The entries are to be given back verbatim; no picture is to be copied.

Collected data entries
════
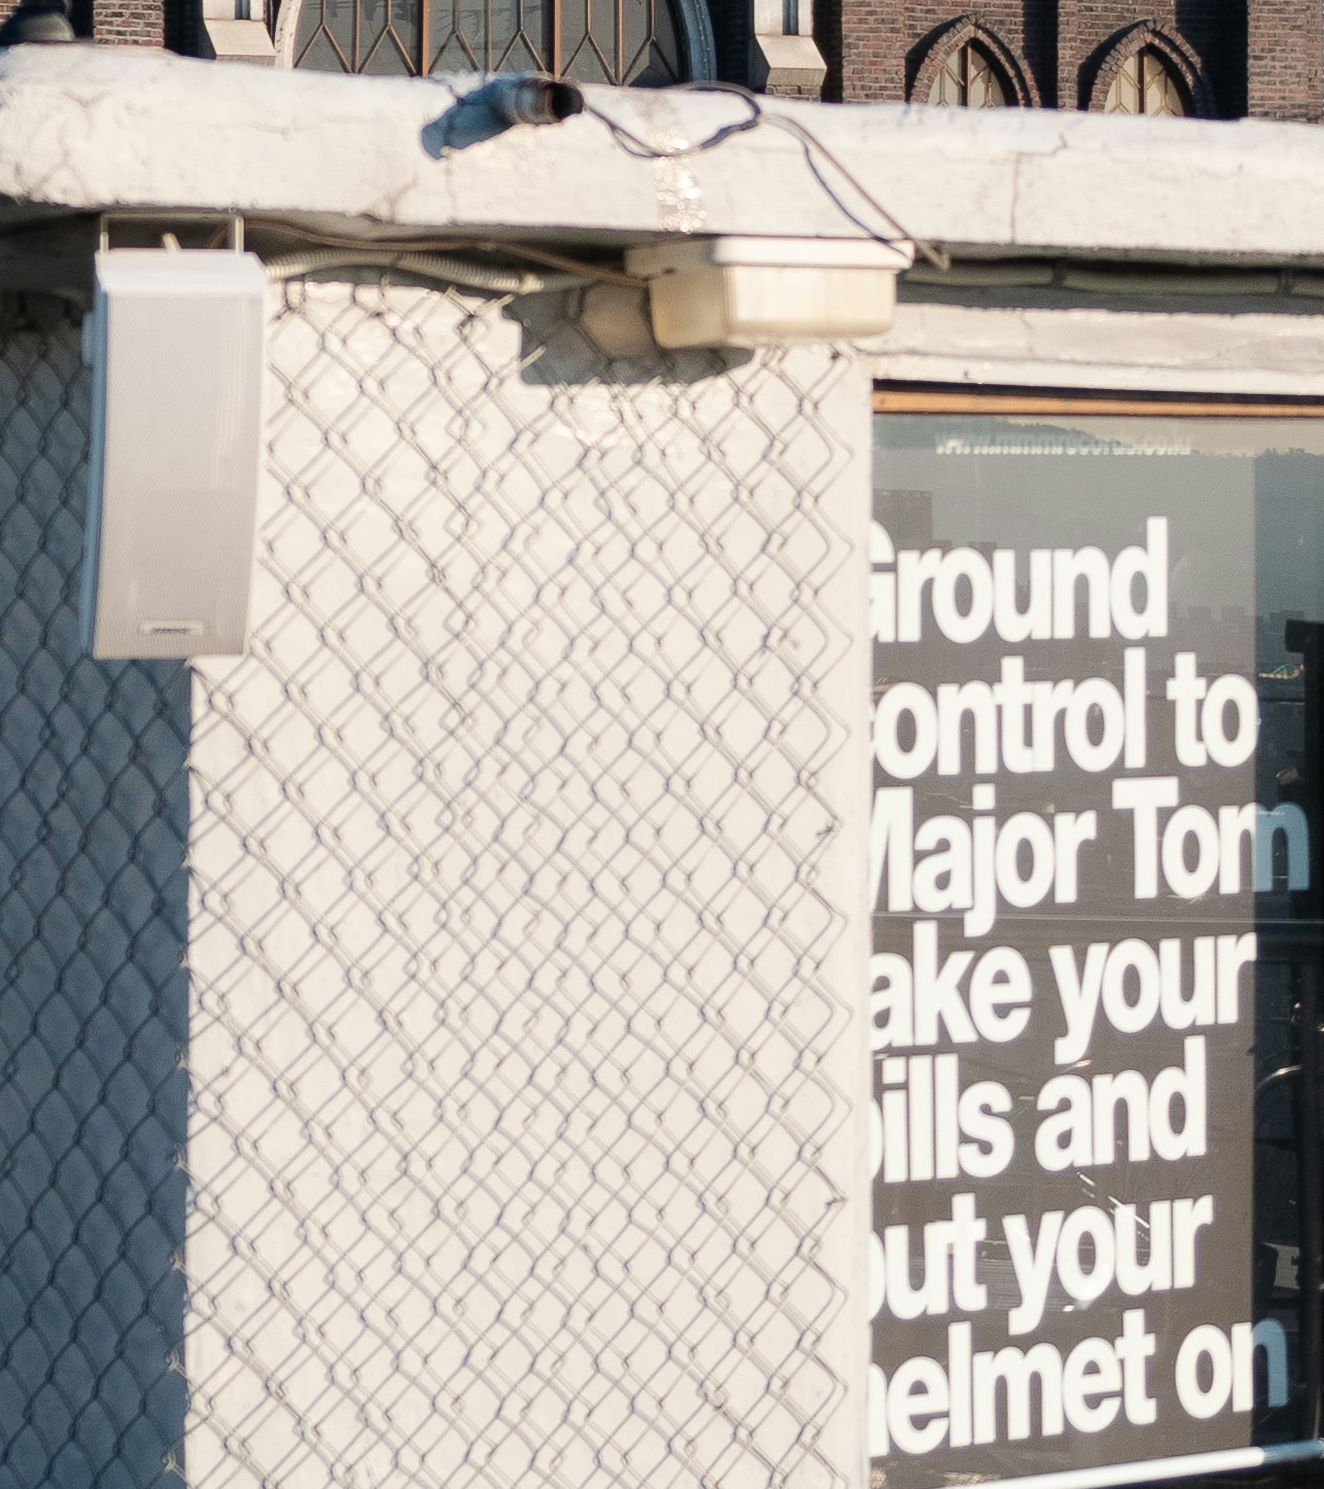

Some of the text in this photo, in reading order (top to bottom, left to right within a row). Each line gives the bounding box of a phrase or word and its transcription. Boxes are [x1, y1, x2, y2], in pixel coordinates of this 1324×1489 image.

[870, 646, 1259, 779] ontrol to
[1112, 776, 1310, 899] Tom
[870, 920, 1257, 1065] ake your
[870, 1035, 1206, 1184] ills and
[870, 1193, 1213, 1334] ut your
[1176, 1317, 1289, 1419] on
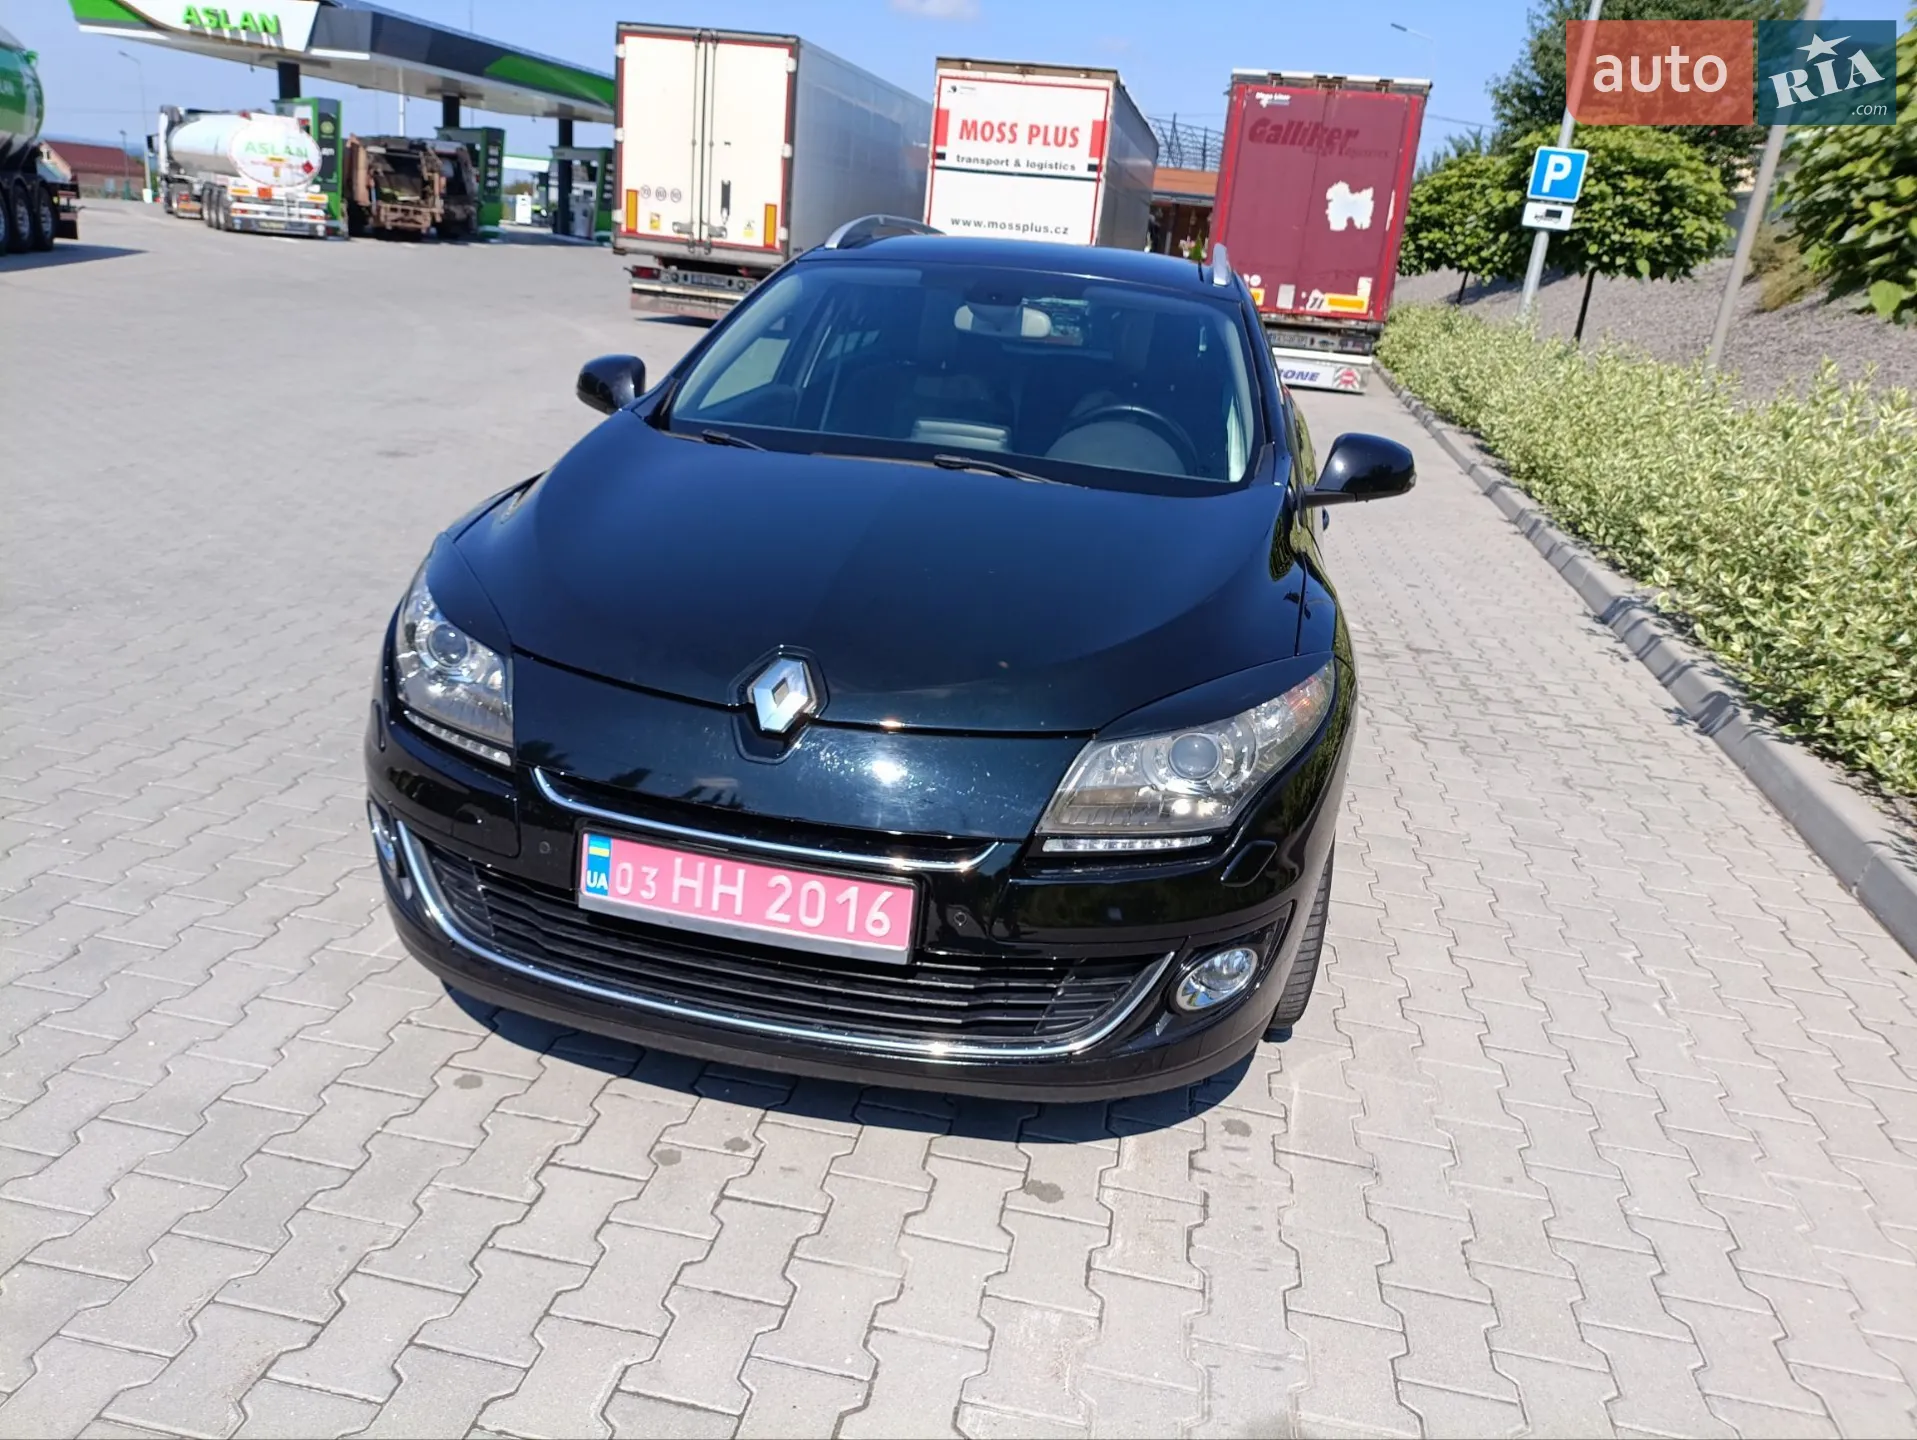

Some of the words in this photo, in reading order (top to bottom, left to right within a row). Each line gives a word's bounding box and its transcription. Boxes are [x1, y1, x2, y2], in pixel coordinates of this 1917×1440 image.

[183, 5, 280, 34] ASLAN
[959, 119, 1018, 144] MOSS
[1027, 124, 1080, 148] PLUS
[1248, 116, 1360, 149] Galliker
[245, 142, 309, 158] ASLAN
[956, 154, 1009, 166] transport
[1013, 158, 1021, 167] &
[1026, 160, 1076, 171] logistics
[1541, 154, 1572, 193] P
[950, 217, 1069, 235] www.mossplus.cz
[586, 870, 609, 890] UA
[615, 862, 659, 900] 03
[671, 857, 746, 916] HH
[764, 874, 894, 937] 2016
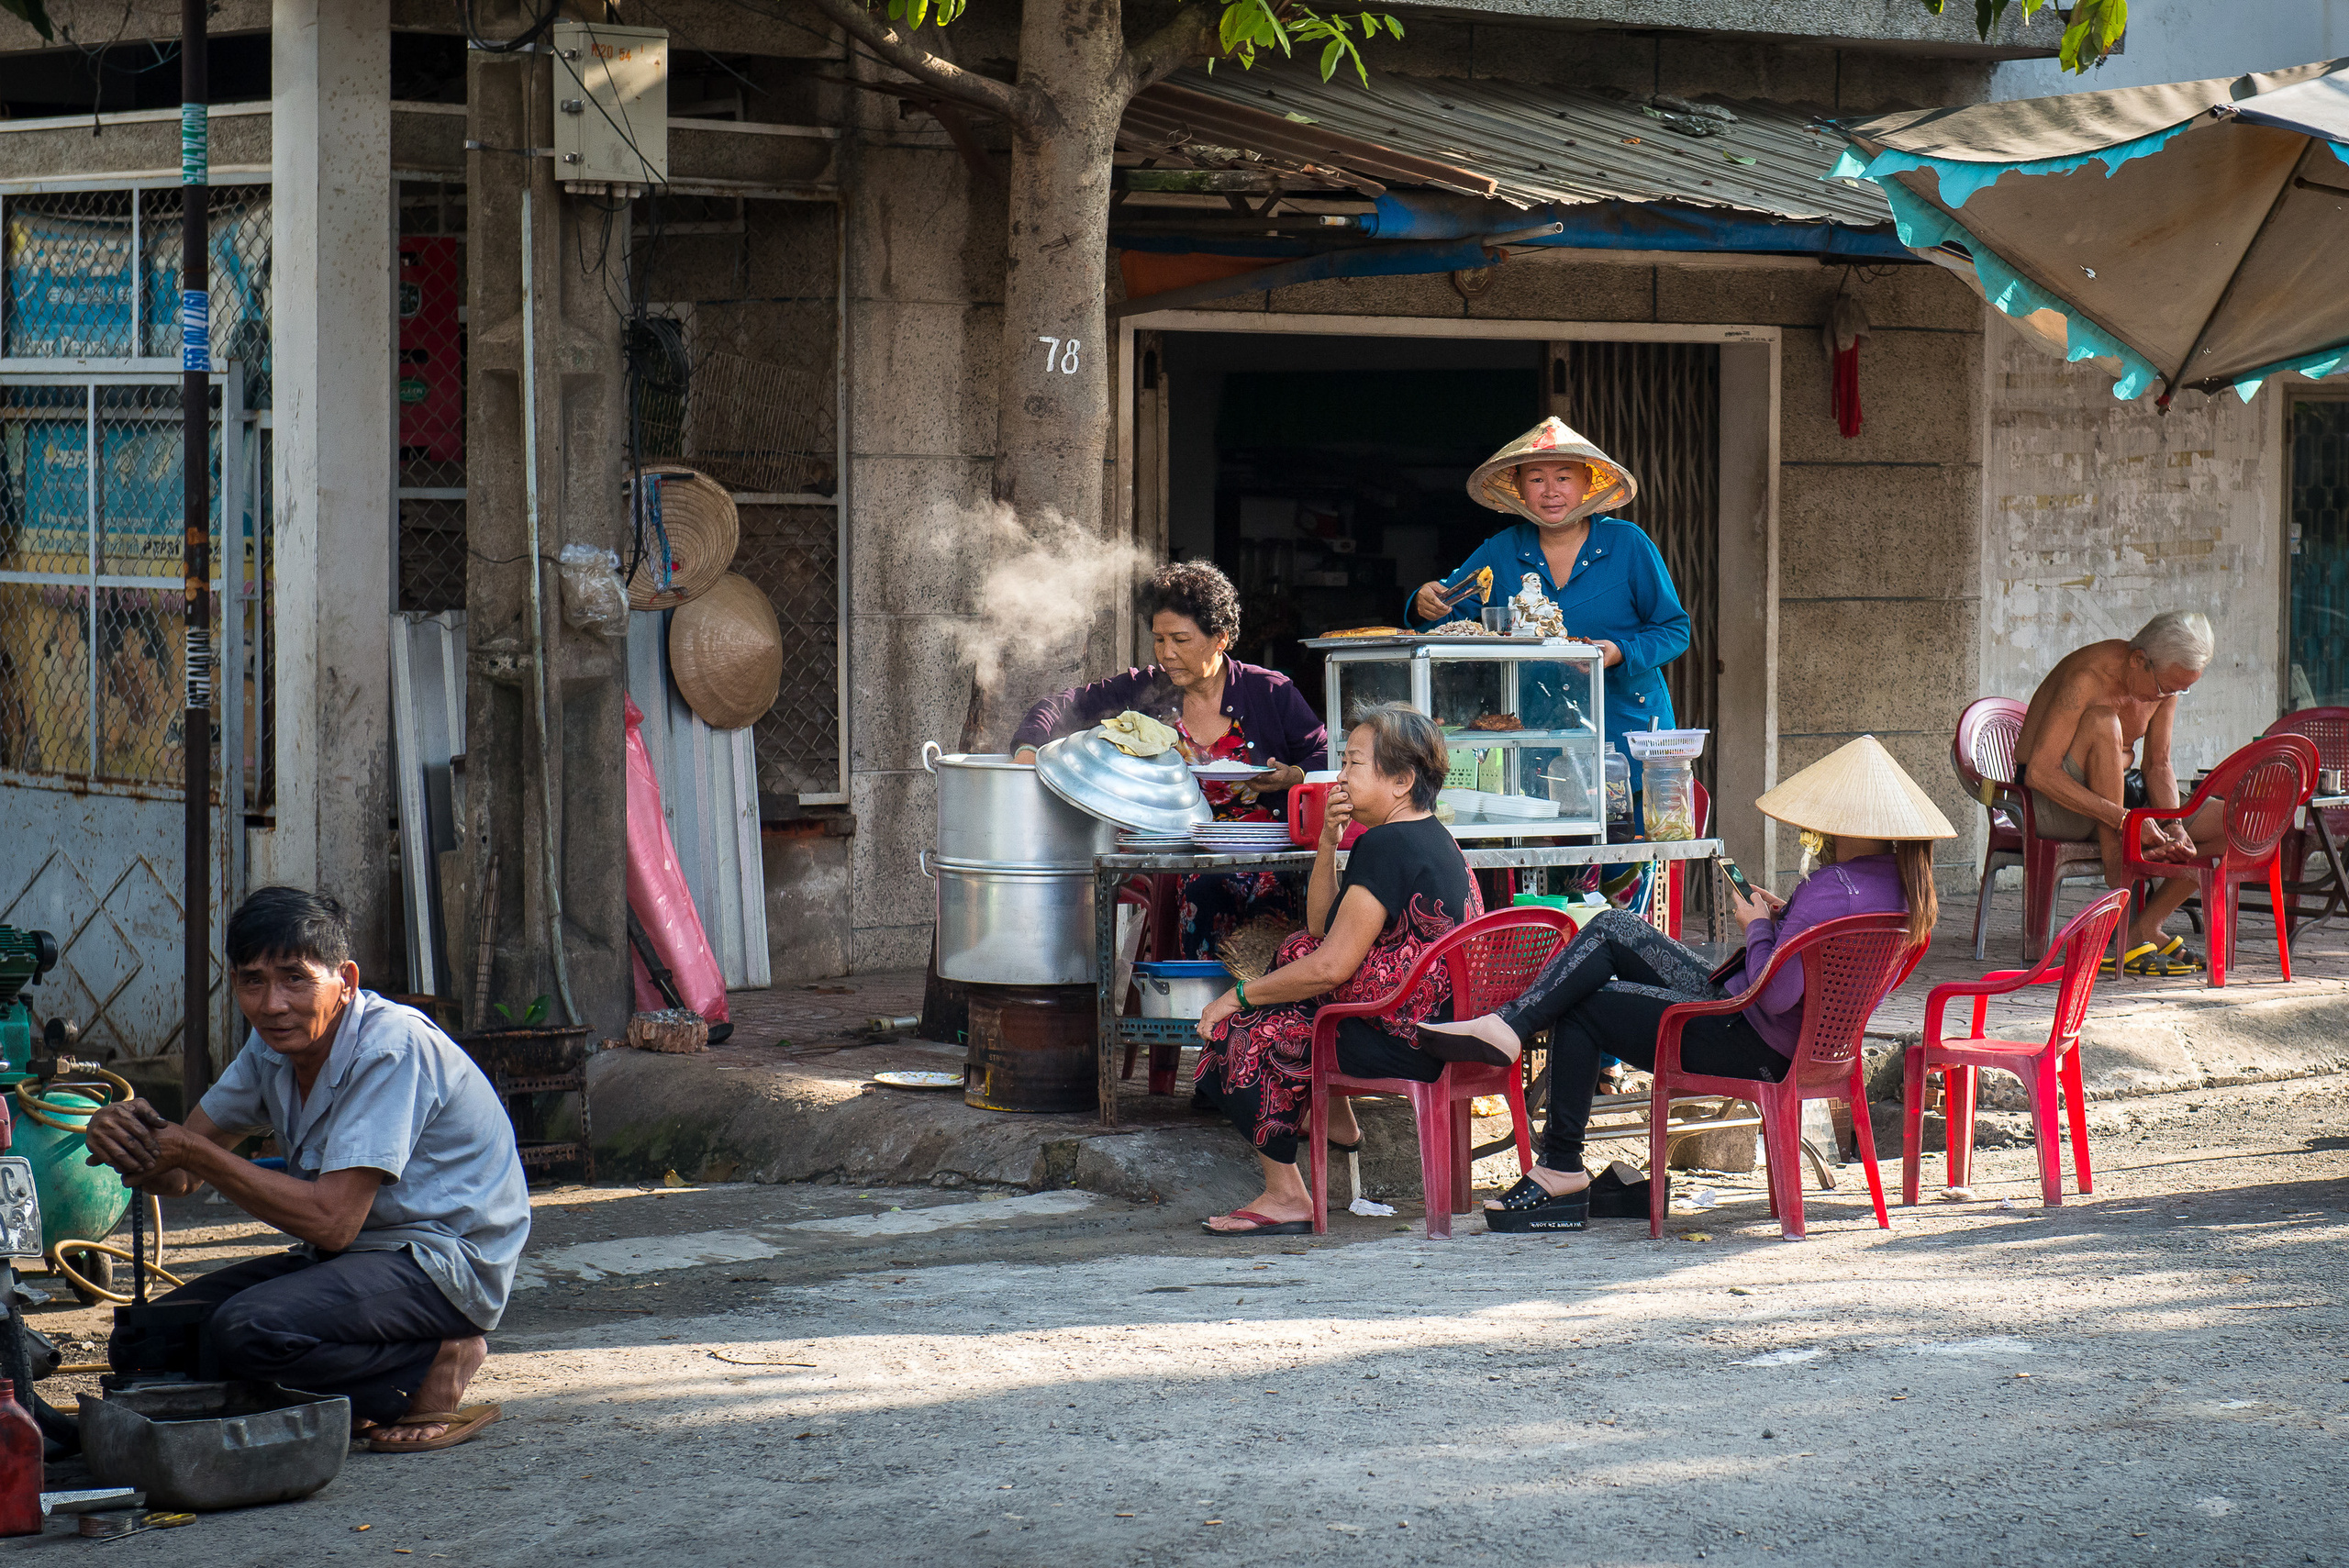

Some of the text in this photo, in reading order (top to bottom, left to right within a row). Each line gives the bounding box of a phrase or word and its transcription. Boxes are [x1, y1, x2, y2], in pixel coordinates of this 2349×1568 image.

[184, 292, 209, 322] 0977
[184, 324, 209, 346] 700
[1039, 336, 1081, 374] 78
════
## Your response
Some of the text in this photo, in reading order (top to bottom, left to right within a row). Each line gives the bounding box of a phrase or word and its transcription. Boxes are [x1, y1, x2, y2], in pixel coordinates of this 1324×1489 image.

[870, 646, 1259, 779] ontrol to
[1112, 776, 1310, 899] Tom
[870, 920, 1257, 1065] ake your
[870, 1035, 1206, 1184] ills and
[870, 1193, 1213, 1334] ut your
[1176, 1317, 1289, 1419] on

Some of the words in this photo, in reading order (top to bottom, left to right within a row). Each line gives a word's bounding box and its transcription. Boxes are [x1, y1, x2, y2], in pixel coordinates of this 1917×1440 image.

[183, 5, 280, 34] ASLAN
[959, 119, 1018, 144] MOSS
[1027, 124, 1080, 148] PLUS
[1248, 116, 1360, 149] Galliker
[245, 142, 309, 158] ASLAN
[956, 154, 1009, 166] transport
[1013, 158, 1021, 167] &
[1026, 160, 1076, 171] logistics
[1541, 154, 1572, 193] P
[950, 217, 1069, 235] www.mossplus.cz
[586, 870, 609, 890] UA
[615, 862, 659, 900] 03
[671, 857, 746, 916] HH
[764, 874, 894, 937] 2016

Some of the text in this photo, in reading order (top to bottom, left to right within a row). Each line gives the bounding box of a phrase or word and its transcription. Boxes are [x1, y1, x2, y2], in pixel coordinates of this 2349×1568 image.

[184, 292, 209, 322] 0977
[184, 324, 209, 346] 700
[1039, 336, 1081, 374] 78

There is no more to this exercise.